EXERCISE DESCRIPTION:
Leaving the pictures aside, repeat every line below exactly.

DATA IN THIS EXERCISE:

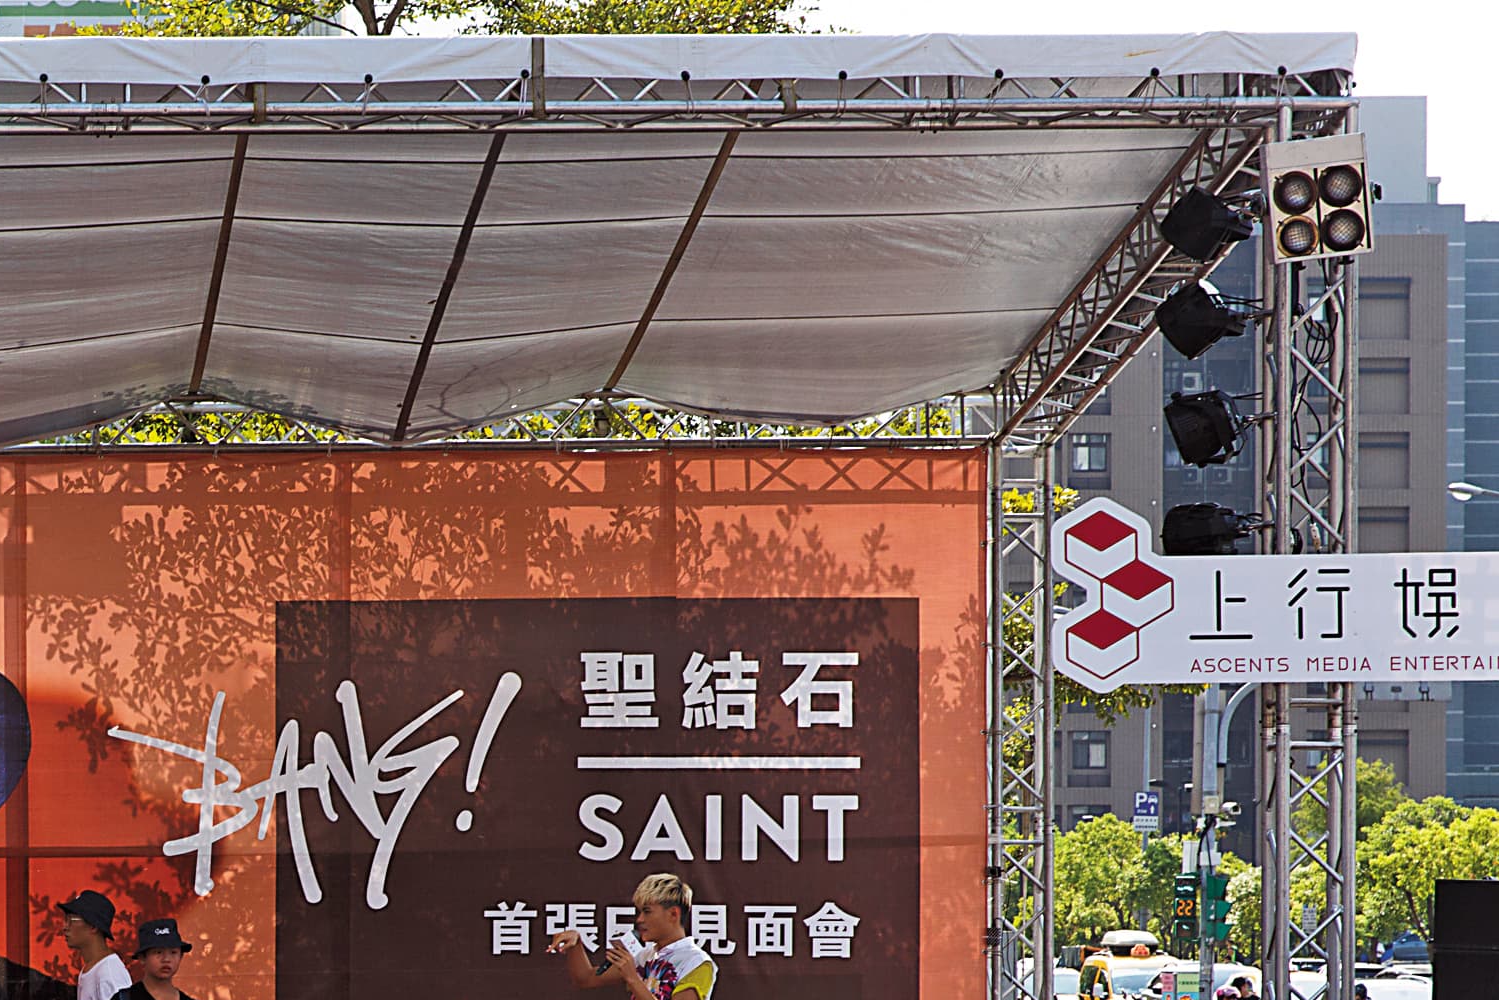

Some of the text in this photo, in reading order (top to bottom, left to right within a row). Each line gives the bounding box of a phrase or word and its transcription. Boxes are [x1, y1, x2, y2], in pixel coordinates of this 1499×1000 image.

[580, 651, 860, 730] 聖結石
[1190, 655, 1499, 673] ASCENTS MEDIA ENTERTAI
[106, 670, 523, 912] BANG!
[577, 793, 860, 863] SAINT
[1176, 900, 1194, 916] 22
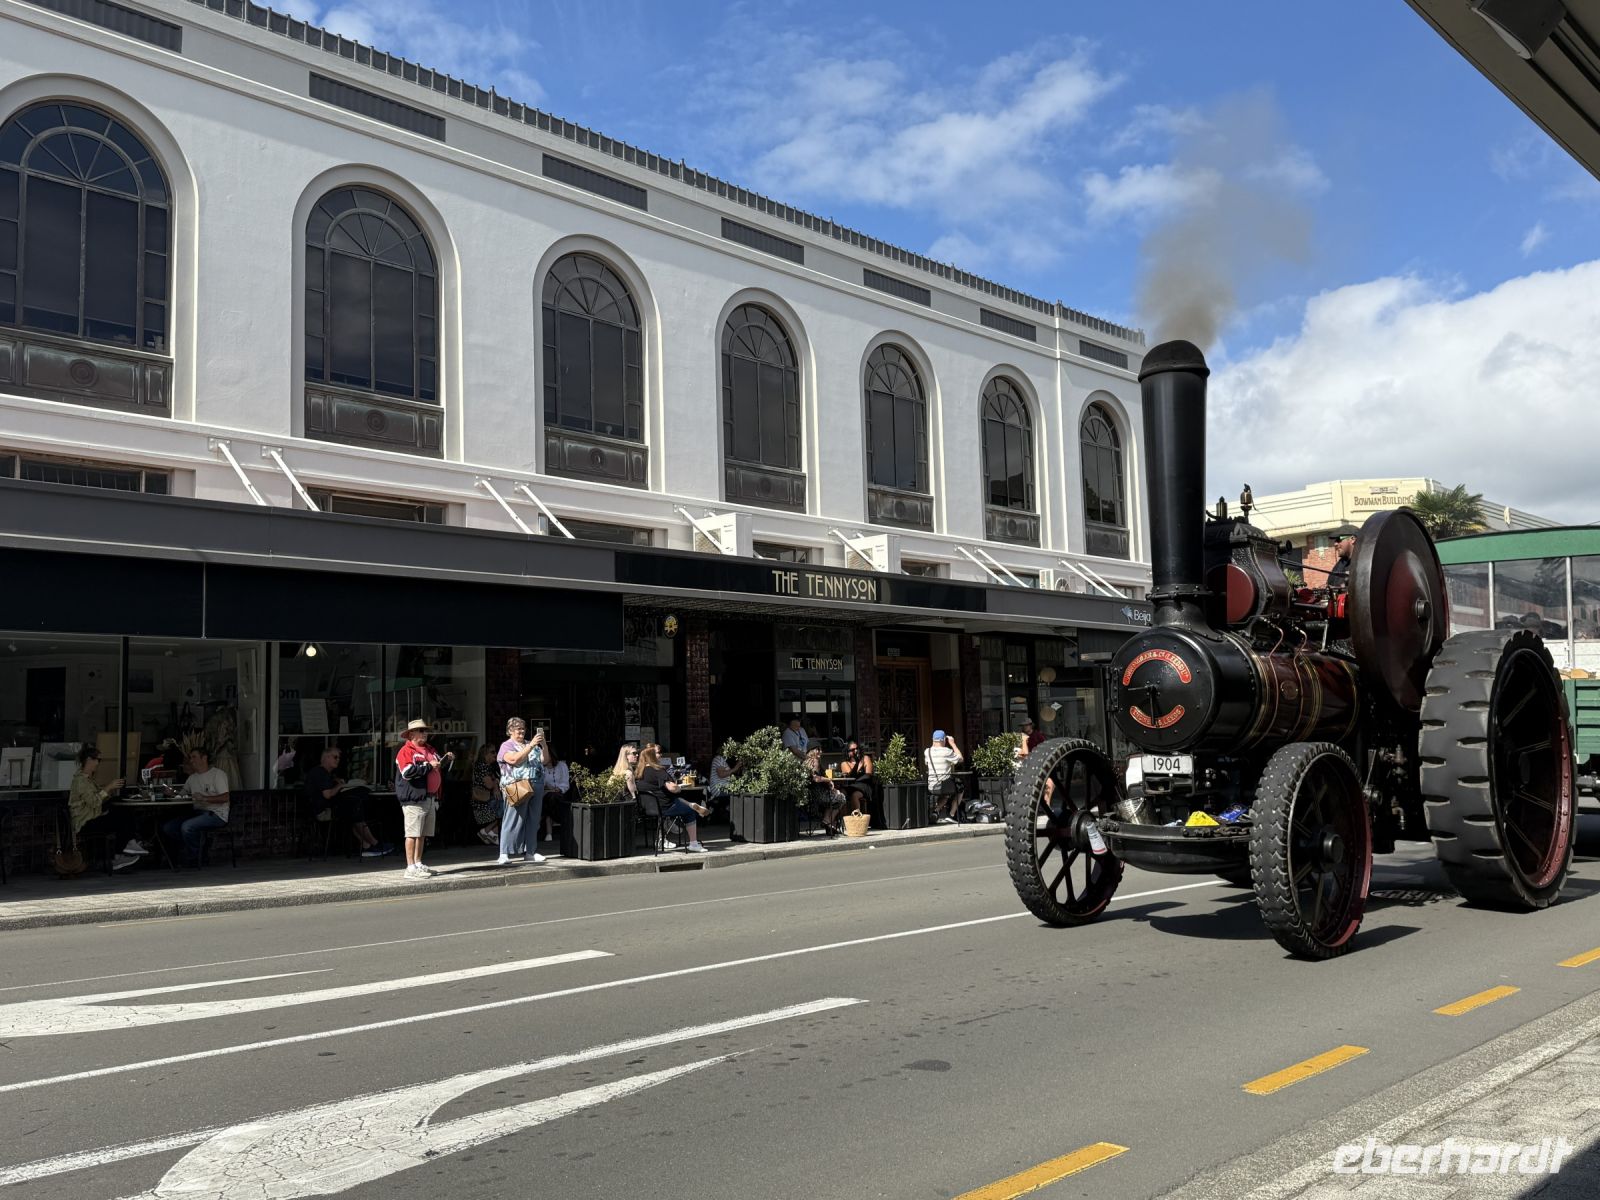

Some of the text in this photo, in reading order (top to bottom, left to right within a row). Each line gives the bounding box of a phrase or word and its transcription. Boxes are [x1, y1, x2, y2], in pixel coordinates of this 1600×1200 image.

[1353, 496, 1382, 506] BOWMAN
[772, 570, 877, 601] THE TENNYSON
[789, 657, 843, 670] THE TENNYSON
[1153, 757, 1181, 772] 1904
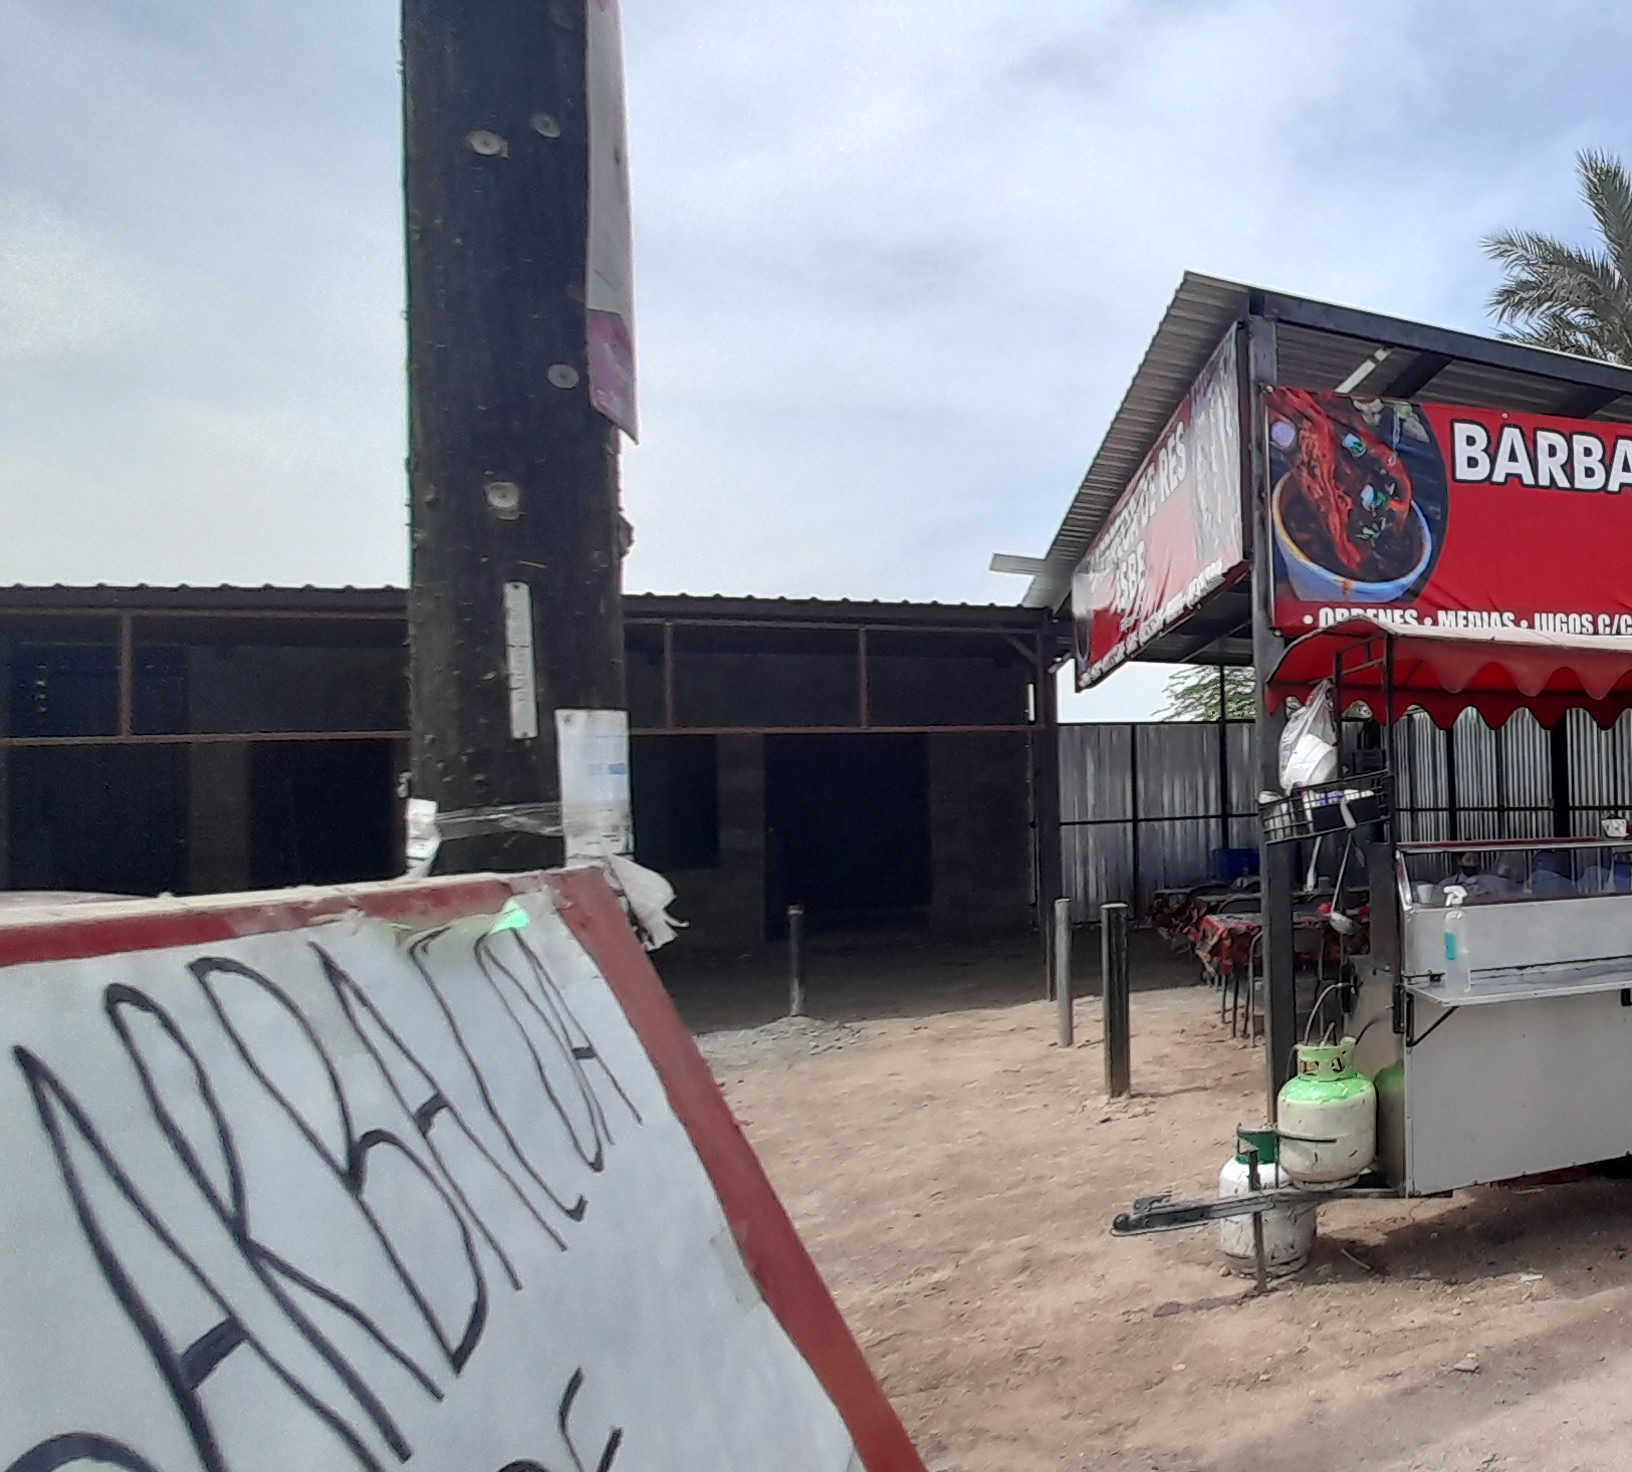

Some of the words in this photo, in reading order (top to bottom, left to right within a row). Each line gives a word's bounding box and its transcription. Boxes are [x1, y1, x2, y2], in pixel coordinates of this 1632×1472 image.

[1158, 420, 1187, 503] RES
[1437, 610, 1515, 629] MEDIAS
[0, 925, 643, 1472] ARBACOA

EXERCISE OUTPUT:
Some of the text in this photo, in reading order (top to bottom, left to right within a row). Each line gives the bounding box of a phrase or word and its transcription. Boxes are [x1, y1, x2, y2], in pixel coordinates of this 1499×1000 image.

[580, 651, 860, 730] 聖結石
[1190, 655, 1499, 673] ASCENTS MEDIA ENTERTAI
[106, 670, 523, 912] BANG!
[577, 793, 860, 863] SAINT
[1176, 900, 1194, 916] 22

Some of the text in this photo, in reading order (top to bottom, left to right within a row). Each line gives the bounding box of a phrase or word and its transcription. Boxes are [x1, y1, x2, y2], in pixel coordinates of this 1600×1200 image.

[1353, 496, 1382, 506] BOWMAN
[772, 570, 877, 601] THE TENNYSON
[789, 657, 843, 670] THE TENNYSON
[1153, 757, 1181, 772] 1904

Some of the words in this photo, in reading order (top to bottom, left to right within a row). Each line gives a word's bounding box and its transcription. Boxes are [x1, y1, x2, y2], in pixel coordinates of this 1632×1472 image.

[1158, 420, 1187, 503] RES
[1437, 610, 1515, 629] MEDIAS
[0, 925, 643, 1472] ARBACOA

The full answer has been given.